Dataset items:
------------------------------------
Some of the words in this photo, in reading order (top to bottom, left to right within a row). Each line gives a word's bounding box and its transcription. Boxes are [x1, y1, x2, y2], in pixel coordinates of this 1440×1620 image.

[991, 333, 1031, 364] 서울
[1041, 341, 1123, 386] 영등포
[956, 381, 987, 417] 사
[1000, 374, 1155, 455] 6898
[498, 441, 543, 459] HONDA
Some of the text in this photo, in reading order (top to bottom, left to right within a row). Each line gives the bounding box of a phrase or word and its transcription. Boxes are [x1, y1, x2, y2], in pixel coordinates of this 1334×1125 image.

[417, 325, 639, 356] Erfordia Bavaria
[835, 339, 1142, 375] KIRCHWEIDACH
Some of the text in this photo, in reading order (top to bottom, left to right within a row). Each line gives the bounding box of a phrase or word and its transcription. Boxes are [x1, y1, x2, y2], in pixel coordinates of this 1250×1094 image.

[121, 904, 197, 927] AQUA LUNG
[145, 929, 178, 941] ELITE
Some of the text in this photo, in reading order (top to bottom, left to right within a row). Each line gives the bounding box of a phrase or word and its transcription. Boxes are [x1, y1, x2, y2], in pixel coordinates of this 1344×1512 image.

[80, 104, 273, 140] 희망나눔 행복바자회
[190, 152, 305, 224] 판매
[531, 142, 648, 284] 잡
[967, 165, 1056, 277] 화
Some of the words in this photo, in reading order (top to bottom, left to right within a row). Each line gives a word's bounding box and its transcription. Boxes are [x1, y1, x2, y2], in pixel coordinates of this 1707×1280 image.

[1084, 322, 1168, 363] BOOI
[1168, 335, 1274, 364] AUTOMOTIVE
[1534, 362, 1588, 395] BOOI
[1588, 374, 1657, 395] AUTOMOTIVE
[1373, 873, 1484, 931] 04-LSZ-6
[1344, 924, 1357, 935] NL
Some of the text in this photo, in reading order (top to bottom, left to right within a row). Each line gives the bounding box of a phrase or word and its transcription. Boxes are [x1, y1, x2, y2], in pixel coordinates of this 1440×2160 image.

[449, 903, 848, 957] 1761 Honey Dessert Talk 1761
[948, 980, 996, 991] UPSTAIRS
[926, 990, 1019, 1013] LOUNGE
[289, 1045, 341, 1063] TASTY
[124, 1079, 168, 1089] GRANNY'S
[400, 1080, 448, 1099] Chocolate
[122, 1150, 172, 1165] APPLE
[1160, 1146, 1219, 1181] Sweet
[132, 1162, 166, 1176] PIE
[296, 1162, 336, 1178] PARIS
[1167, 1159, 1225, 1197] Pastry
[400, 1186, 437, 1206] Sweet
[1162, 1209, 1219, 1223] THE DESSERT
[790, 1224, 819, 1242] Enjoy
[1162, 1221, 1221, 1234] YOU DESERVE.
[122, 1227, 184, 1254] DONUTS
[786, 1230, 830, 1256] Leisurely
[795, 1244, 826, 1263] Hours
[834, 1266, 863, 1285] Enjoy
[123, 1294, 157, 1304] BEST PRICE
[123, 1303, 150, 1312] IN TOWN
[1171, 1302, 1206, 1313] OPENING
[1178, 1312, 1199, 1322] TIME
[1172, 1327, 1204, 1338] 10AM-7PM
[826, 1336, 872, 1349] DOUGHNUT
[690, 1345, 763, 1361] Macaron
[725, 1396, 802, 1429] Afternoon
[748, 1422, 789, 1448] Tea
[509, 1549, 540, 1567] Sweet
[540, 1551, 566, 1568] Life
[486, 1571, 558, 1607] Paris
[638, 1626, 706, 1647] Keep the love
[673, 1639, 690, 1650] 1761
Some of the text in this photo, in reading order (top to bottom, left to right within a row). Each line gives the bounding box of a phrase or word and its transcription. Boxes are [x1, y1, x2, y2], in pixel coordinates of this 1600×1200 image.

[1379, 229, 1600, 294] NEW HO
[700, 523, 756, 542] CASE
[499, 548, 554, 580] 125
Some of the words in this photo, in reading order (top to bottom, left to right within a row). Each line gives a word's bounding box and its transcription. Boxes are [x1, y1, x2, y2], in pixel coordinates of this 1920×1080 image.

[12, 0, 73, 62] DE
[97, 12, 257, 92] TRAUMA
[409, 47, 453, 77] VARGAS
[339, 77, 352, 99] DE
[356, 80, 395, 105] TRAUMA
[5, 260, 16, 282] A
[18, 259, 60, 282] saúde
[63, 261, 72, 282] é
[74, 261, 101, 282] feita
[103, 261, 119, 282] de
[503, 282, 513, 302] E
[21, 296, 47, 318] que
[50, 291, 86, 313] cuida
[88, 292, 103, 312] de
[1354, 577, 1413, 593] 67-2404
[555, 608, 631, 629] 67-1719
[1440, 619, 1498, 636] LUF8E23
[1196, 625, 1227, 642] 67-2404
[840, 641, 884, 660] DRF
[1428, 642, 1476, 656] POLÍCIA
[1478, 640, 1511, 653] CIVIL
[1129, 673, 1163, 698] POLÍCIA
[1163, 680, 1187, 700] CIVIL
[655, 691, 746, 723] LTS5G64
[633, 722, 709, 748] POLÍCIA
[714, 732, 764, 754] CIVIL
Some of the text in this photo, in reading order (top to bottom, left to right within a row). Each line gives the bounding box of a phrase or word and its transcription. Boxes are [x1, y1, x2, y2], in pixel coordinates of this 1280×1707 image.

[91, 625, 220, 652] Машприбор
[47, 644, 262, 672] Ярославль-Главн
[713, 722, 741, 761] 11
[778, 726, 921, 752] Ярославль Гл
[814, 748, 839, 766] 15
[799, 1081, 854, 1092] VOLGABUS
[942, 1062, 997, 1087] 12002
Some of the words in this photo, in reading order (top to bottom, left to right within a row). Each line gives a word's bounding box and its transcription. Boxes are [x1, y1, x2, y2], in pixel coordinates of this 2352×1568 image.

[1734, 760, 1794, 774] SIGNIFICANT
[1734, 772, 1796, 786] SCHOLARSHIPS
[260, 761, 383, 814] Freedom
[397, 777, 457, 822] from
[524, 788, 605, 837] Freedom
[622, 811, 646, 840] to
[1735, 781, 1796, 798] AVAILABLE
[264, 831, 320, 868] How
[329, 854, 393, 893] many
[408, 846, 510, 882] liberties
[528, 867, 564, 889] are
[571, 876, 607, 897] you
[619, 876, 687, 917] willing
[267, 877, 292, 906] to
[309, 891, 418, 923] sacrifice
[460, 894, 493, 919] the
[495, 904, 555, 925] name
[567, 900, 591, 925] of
------------------------------------
## TASK PROMPT
All of the entries above need to be retyped exactly.

## SOLUTION BELOW
Some of the words in this photo, in reading order (top to bottom, left to right within a row). Each line gives a word's bounding box and its transcription. Boxes are [x1, y1, x2, y2], in pixel coordinates of this 1440×1620 image.

[991, 333, 1031, 364] 서울
[1041, 341, 1123, 386] 영등포
[956, 381, 987, 417] 사
[1000, 374, 1155, 455] 6898
[498, 441, 543, 459] HONDA
Some of the text in this photo, in reading order (top to bottom, left to right within a row). Each line gives the bounding box of a phrase or word and its transcription. Boxes are [x1, y1, x2, y2], in pixel coordinates of this 1334×1125 image.

[417, 325, 639, 356] Erfordia Bavaria
[835, 339, 1142, 375] KIRCHWEIDACH
Some of the text in this photo, in reading order (top to bottom, left to right within a row). Each line gives the bounding box of a phrase or word and its transcription. Boxes are [x1, y1, x2, y2], in pixel coordinates of this 1250×1094 image.

[121, 904, 197, 927] AQUA LUNG
[145, 929, 178, 941] ELITE
Some of the text in this photo, in reading order (top to bottom, left to right within a row). Each line gives the bounding box of a phrase or word and its transcription. Boxes are [x1, y1, x2, y2], in pixel coordinates of this 1344×1512 image.

[80, 104, 273, 140] 희망나눔 행복바자회
[190, 152, 305, 224] 판매
[531, 142, 648, 284] 잡
[967, 165, 1056, 277] 화
Some of the words in this photo, in reading order (top to bottom, left to right within a row). Each line gives a word's bounding box and its transcription. Boxes are [x1, y1, x2, y2], in pixel coordinates of this 1707×1280 image.

[1084, 322, 1168, 363] BOOI
[1168, 335, 1274, 364] AUTOMOTIVE
[1534, 362, 1588, 395] BOOI
[1588, 374, 1657, 395] AUTOMOTIVE
[1373, 873, 1484, 931] 04-LSZ-6
[1344, 924, 1357, 935] NL
Some of the text in this photo, in reading order (top to bottom, left to right within a row). Each line gives the bounding box of a phrase or word and its transcription. Boxes are [x1, y1, x2, y2], in pixel coordinates of this 1440×2160 image.

[449, 903, 848, 957] 1761 Honey Dessert Talk 1761
[948, 980, 996, 991] UPSTAIRS
[926, 990, 1019, 1013] LOUNGE
[289, 1045, 341, 1063] TASTY
[124, 1079, 168, 1089] GRANNY'S
[400, 1080, 448, 1099] Chocolate
[122, 1150, 172, 1165] APPLE
[1160, 1146, 1219, 1181] Sweet
[132, 1162, 166, 1176] PIE
[296, 1162, 336, 1178] PARIS
[1167, 1159, 1225, 1197] Pastry
[400, 1186, 437, 1206] Sweet
[1162, 1209, 1219, 1223] THE DESSERT
[790, 1224, 819, 1242] Enjoy
[1162, 1221, 1221, 1234] YOU DESERVE.
[122, 1227, 184, 1254] DONUTS
[786, 1230, 830, 1256] Leisurely
[795, 1244, 826, 1263] Hours
[834, 1266, 863, 1285] Enjoy
[123, 1294, 157, 1304] BEST PRICE
[123, 1303, 150, 1312] IN TOWN
[1171, 1302, 1206, 1313] OPENING
[1178, 1312, 1199, 1322] TIME
[1172, 1327, 1204, 1338] 10AM-7PM
[826, 1336, 872, 1349] DOUGHNUT
[690, 1345, 763, 1361] Macaron
[725, 1396, 802, 1429] Afternoon
[748, 1422, 789, 1448] Tea
[509, 1549, 540, 1567] Sweet
[540, 1551, 566, 1568] Life
[486, 1571, 558, 1607] Paris
[638, 1626, 706, 1647] Keep the love
[673, 1639, 690, 1650] 1761
Some of the text in this photo, in reading order (top to bottom, left to right within a row). Each line gives the bounding box of a phrase or word and its transcription. Boxes are [x1, y1, x2, y2], in pixel coordinates of this 1600×1200 image.

[1379, 229, 1600, 294] NEW HO
[700, 523, 756, 542] CASE
[499, 548, 554, 580] 125
Some of the words in this photo, in reading order (top to bottom, left to right within a row). Each line gives a word's bounding box and its transcription. Boxes are [x1, y1, x2, y2], in pixel coordinates of this 1920×1080 image.

[12, 0, 73, 62] DE
[97, 12, 257, 92] TRAUMA
[409, 47, 453, 77] VARGAS
[339, 77, 352, 99] DE
[356, 80, 395, 105] TRAUMA
[5, 260, 16, 282] A
[18, 259, 60, 282] saúde
[63, 261, 72, 282] é
[74, 261, 101, 282] feita
[103, 261, 119, 282] de
[503, 282, 513, 302] E
[21, 296, 47, 318] que
[50, 291, 86, 313] cuida
[88, 292, 103, 312] de
[1354, 577, 1413, 593] 67-2404
[555, 608, 631, 629] 67-1719
[1440, 619, 1498, 636] LUF8E23
[1196, 625, 1227, 642] 67-2404
[840, 641, 884, 660] DRF
[1428, 642, 1476, 656] POLÍCIA
[1478, 640, 1511, 653] CIVIL
[1129, 673, 1163, 698] POLÍCIA
[1163, 680, 1187, 700] CIVIL
[655, 691, 746, 723] LTS5G64
[633, 722, 709, 748] POLÍCIA
[714, 732, 764, 754] CIVIL
Some of the text in this photo, in reading order (top to bottom, left to right within a row). Each line gives the bounding box of a phrase or word and its transcription. Boxes are [x1, y1, x2, y2], in pixel coordinates of this 1280×1707 image.

[91, 625, 220, 652] Машприбор
[47, 644, 262, 672] Ярославль-Главн
[713, 722, 741, 761] 11
[778, 726, 921, 752] Ярославль Гл
[814, 748, 839, 766] 15
[799, 1081, 854, 1092] VOLGABUS
[942, 1062, 997, 1087] 12002
Some of the words in this photo, in reading order (top to bottom, left to right within a row). Each line gives a word's bounding box and its transcription. Boxes are [x1, y1, x2, y2], in pixel coordinates of this 2352×1568 image.

[1734, 760, 1794, 774] SIGNIFICANT
[1734, 772, 1796, 786] SCHOLARSHIPS
[260, 761, 383, 814] Freedom
[397, 777, 457, 822] from
[524, 788, 605, 837] Freedom
[622, 811, 646, 840] to
[1735, 781, 1796, 798] AVAILABLE
[264, 831, 320, 868] How
[329, 854, 393, 893] many
[408, 846, 510, 882] liberties
[528, 867, 564, 889] are
[571, 876, 607, 897] you
[619, 876, 687, 917] willing
[267, 877, 292, 906] to
[309, 891, 418, 923] sacrifice
[460, 894, 493, 919] the
[495, 904, 555, 925] name
[567, 900, 591, 925] of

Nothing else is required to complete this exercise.